Abstract

The biological health of lotic communities is negatively correlated with the amount of urban land use in the surrounding watershed. This association is due, in part, to a historic lack of regard for the ecological consequences of development. Environmental considerations are increasingly being brought to the fore in land use planning, and to bear on development in the form of stormwater regulations and best management practices. The effectiveness of these practices in maintaining the biological integrity of receiving waters is assumed, though largely untested. We examined the relationship between urban land use and the biological health of streams in historically urbanized areas of Ohio, USA, and tracked the health of three streams over a decade in the rapidly suburbanizing Columbus, Ohio metropolitan area.

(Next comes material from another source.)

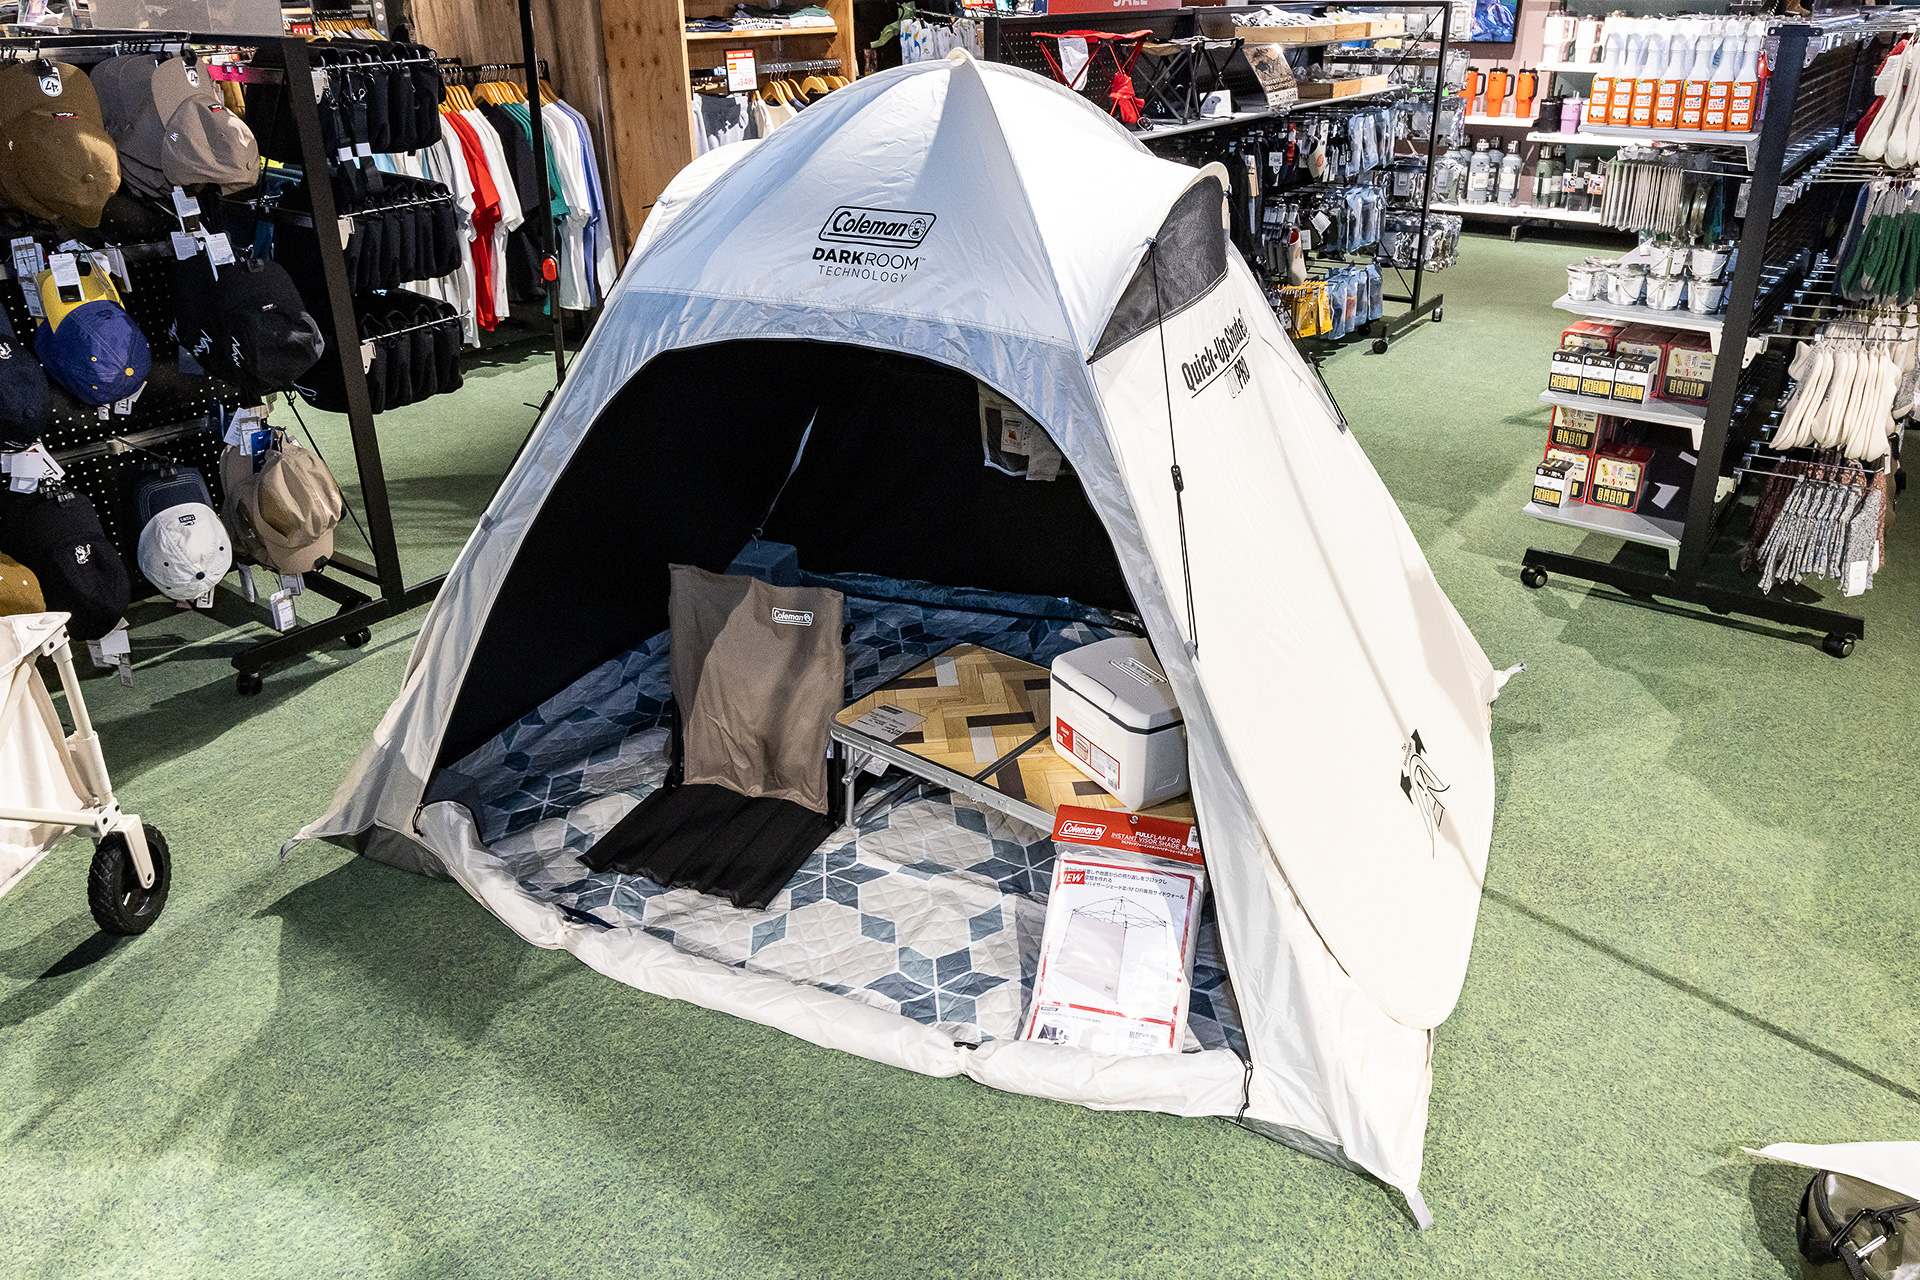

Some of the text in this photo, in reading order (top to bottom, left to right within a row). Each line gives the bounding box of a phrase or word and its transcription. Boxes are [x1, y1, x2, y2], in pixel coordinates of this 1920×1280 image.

The health of streams, as measured by the Index of Biotic Integrity, declined significantly when the amount of urban land use measured as impervious cover exceeded 13.8%, and fell below expectations consistent with Clean Water Act goals when impervious cover exceeded 27.1%. Declining biological integrity was noted in two of the three streams with suburbanizing watersheds at levels of total urban land use as low as 4%, demonstrating that poorly regulated construction practices are the first step toward declining stream health in urbanizing landscapes, and also demonstrate that the current regulatory structure is wanting. The few sites in our data set where biological integrity was maintained despite high levels of urban land use occurred in streams where the floodplain and riparian buffer was relatively undeveloped. An aggressive stream protection policy that prescribes mandatory riparian buffer widths, preserves sensitive areas and minimizes hydrologic alteration needs to be part of the larger planning and regulatory framework.